▶ TASK DETAILS: Repeat the records below word for word.
***** SUPPLIED RECORDS *****
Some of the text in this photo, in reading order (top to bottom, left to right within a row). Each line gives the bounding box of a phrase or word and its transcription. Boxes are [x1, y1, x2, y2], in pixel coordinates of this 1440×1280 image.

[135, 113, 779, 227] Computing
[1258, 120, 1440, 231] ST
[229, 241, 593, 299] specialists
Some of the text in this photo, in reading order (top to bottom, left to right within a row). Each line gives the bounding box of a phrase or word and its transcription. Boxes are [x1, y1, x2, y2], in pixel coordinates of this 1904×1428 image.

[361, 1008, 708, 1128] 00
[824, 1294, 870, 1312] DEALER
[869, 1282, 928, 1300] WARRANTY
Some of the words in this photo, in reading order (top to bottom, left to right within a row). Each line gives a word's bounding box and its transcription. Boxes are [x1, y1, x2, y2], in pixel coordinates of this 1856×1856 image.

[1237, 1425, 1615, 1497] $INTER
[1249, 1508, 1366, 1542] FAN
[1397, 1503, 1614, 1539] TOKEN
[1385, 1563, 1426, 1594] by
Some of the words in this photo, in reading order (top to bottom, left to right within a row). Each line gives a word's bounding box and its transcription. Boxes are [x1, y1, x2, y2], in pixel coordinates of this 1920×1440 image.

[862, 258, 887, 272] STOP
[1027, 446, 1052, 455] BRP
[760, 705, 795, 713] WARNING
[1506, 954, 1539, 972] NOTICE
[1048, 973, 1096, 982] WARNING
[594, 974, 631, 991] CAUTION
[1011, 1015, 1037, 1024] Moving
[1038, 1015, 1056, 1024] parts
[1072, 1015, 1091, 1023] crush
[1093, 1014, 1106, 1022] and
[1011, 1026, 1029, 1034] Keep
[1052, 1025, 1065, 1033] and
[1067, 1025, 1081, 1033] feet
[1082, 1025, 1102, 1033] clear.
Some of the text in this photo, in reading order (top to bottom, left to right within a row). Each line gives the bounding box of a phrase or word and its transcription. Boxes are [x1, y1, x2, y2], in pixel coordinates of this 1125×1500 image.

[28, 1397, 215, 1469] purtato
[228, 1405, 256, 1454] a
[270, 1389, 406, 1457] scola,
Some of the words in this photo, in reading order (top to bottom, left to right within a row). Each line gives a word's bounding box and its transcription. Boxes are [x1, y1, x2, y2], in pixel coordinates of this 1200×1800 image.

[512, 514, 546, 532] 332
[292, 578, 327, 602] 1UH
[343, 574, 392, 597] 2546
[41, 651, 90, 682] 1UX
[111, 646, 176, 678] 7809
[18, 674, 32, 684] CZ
*****
▶ ANSWER AREA:
Some of the text in this photo, in reading order (top to bottom, left to right within a row). Each line gives the bounding box of a phrase or word and its transcription. Boxes are [x1, y1, x2, y2], in pixel coordinates of this 1440×1280 image.

[135, 113, 779, 227] Computing
[1258, 120, 1440, 231] ST
[229, 241, 593, 299] specialists
Some of the text in this photo, in reading order (top to bottom, left to right within a row). Each line gives the bounding box of a phrase or word and its transcription. Boxes are [x1, y1, x2, y2], in pixel coordinates of this 1904×1428 image.

[361, 1008, 708, 1128] 00
[824, 1294, 870, 1312] DEALER
[869, 1282, 928, 1300] WARRANTY
Some of the words in this photo, in reading order (top to bottom, left to right within a row). Each line gives a word's bounding box and its transcription. Boxes are [x1, y1, x2, y2], in pixel coordinates of this 1856×1856 image.

[1237, 1425, 1615, 1497] $INTER
[1249, 1508, 1366, 1542] FAN
[1397, 1503, 1614, 1539] TOKEN
[1385, 1563, 1426, 1594] by
Some of the words in this photo, in reading order (top to bottom, left to right within a row). Each line gives a word's bounding box and its transcription. Boxes are [x1, y1, x2, y2], in pixel coordinates of this 1920×1440 image.

[862, 258, 887, 272] STOP
[1027, 446, 1052, 455] BRP
[760, 705, 795, 713] WARNING
[1506, 954, 1539, 972] NOTICE
[1048, 973, 1096, 982] WARNING
[594, 974, 631, 991] CAUTION
[1011, 1015, 1037, 1024] Moving
[1038, 1015, 1056, 1024] parts
[1072, 1015, 1091, 1023] crush
[1093, 1014, 1106, 1022] and
[1011, 1026, 1029, 1034] Keep
[1052, 1025, 1065, 1033] and
[1067, 1025, 1081, 1033] feet
[1082, 1025, 1102, 1033] clear.
Some of the text in this photo, in reading order (top to bottom, left to right within a row). Each line gives the bounding box of a phrase or word and its transcription. Boxes are [x1, y1, x2, y2], in pixel coordinates of this 1125×1500 image.

[28, 1397, 215, 1469] purtato
[228, 1405, 256, 1454] a
[270, 1389, 406, 1457] scola,
Some of the words in this photo, in reading order (top to bottom, left to right within a row). Each line gives a word's bounding box and its transcription. Boxes are [x1, y1, x2, y2], in pixel coordinates of this 1200×1800 image.

[512, 514, 546, 532] 332
[292, 578, 327, 602] 1UH
[343, 574, 392, 597] 2546
[41, 651, 90, 682] 1UX
[111, 646, 176, 678] 7809
[18, 674, 32, 684] CZ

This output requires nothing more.